All told, Scott as a NASA Astronaut has spent over 8 weeks in space with more than 47 hours outside on spacewalks. While he has travelled over 23 million miles in orbit he has yet to earn a single frequent flyer mile!
In May of 2016, Scott was inducted into the US Astronaut Hall of Fame at Kennedy Space Center, FL.
In addition to being a life-long SCUBA diver and accomplished mountaineer, Scott is also a commercial, instrument, multiengine and seaplane-rated pilot with over 2,500 flight hours.
Scott also began climbing in his teens and has climbed in the Alaska Range, the Cascades, the Rockies, the Alps, the Andes and the Himalayas. On his second attempt to scale Mt. Everest, on May 20, 2009, he became the first (and only) astronaut to stand on top of the world. Further, as part of a NASA-sponsored expedition to the high Andes, he conducted a scientific dive in the summit caldera lake of 19,700-foot Licancabur volcano, the world’s highest lake.
Scott recently served as Founding Director and Chief Medical Officer of UTMB’s Center for Polar Medical Operations. He oversaw the medical screening and on-ice care of the National Science Foundation’s US Antarctic Program and was fortunate to travel widely across the most remote continent on earth. His most recent events can be found on his blog pages.
In November 2014 Scott was designated University Explorer and Professor of Practice at Arizona State University. He is a prolific inventor and product developer.

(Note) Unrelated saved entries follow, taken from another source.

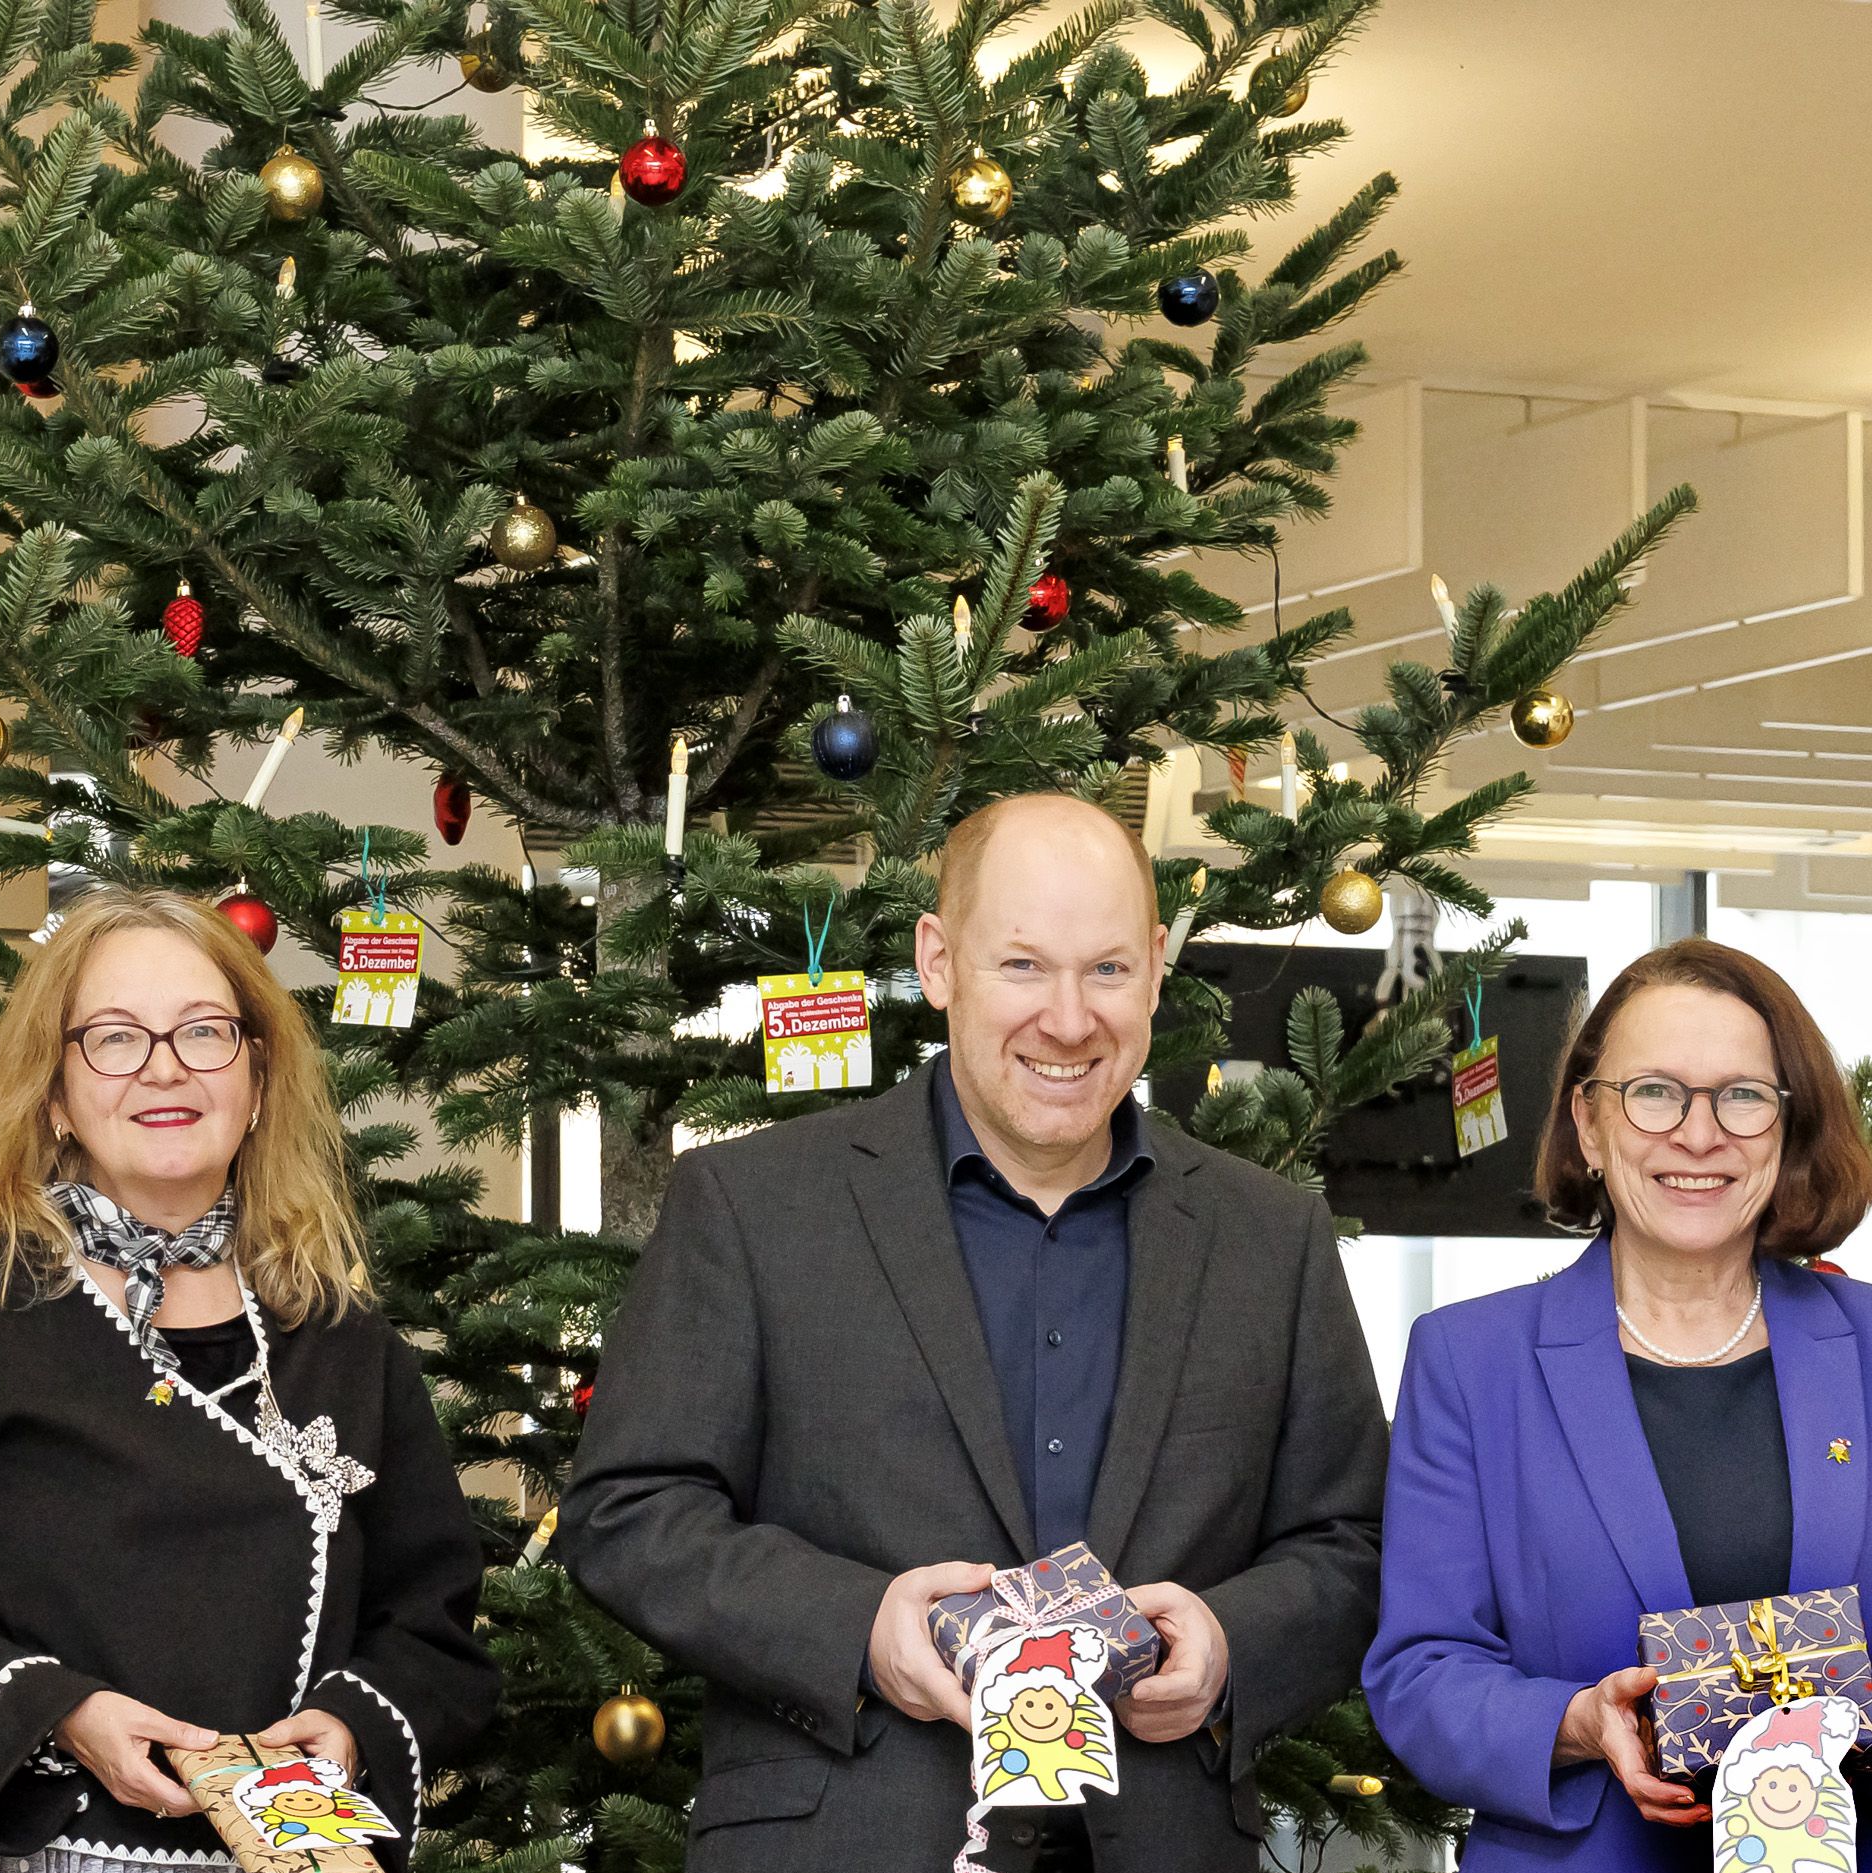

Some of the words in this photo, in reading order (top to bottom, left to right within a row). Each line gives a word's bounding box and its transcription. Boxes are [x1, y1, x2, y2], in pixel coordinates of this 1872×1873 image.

[359, 955, 417, 969] Dezember
[767, 1001, 800, 1012] Abgabe
[801, 998, 815, 1007] der
[816, 993, 863, 1006] Geschenke
[791, 1014, 866, 1033] Dezember

Scott serves on the Boards of several organizations and companies. He co-founded Blue Marble Exploration (bluemarbleexploration.com), where he serves as Chief Explorer. Blue Marble is focused on pushing human capabilities in extreme environments. This is done chiefly through technology innovation and pursuing challenging expeditions around the world. Additionally, he recently founded and serves as Managing Director of Apogee Interests, focused on commercializing his extensive innovation portfolio, including medical devices, consumer products and gear developed for extreme environments.

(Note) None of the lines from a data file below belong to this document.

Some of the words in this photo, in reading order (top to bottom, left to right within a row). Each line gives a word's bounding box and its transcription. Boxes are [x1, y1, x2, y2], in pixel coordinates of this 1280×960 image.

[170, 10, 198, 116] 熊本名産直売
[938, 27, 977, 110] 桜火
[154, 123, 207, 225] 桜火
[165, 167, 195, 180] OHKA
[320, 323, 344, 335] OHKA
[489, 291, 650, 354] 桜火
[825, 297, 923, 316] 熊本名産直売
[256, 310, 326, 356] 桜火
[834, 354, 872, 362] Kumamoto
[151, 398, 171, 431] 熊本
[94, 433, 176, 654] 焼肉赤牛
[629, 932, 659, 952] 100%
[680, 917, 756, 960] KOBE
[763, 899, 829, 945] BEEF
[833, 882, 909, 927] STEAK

He is the recipient of a number of prestigious awards. These include five NASA Spaceflight Medals, two NASA Distinguished Service Medals, two NASA Exceptional Service Medals, two Vladimir Komarov Diplomas from the Fédération Aéronautique Internationale, two Flight Achievement Awards from the American Astronomical Association, the Aviation Week Laureate Award and the Antarctica Service Medal, the Ellis Island Family Heritage Award, the Gold Medal from the American Institute of Polish Culture, the National Eagle Scout Association’s Outstanding Eagle Award. Scott has also received the Order of Merit (Republic of Poland) and the Lowell Thomas Award from the Explorers Club.
In addition to this, Scott was also a Top 10 competitor in the 1988 US Olympic Luge Team trials and coach for the Philippines during the 1988 Calgary Olympic Winter Games. He was selected as Honorary Captain of the 2010 US Olympic Luge Team for the Vancouver Games. Furthermore, he is a member of the Arkansas Aviation Hall of Fame. Scott was also awarded the degree of Doctor Honoris Causa from the Military University of Technology in Warsaw, Poland.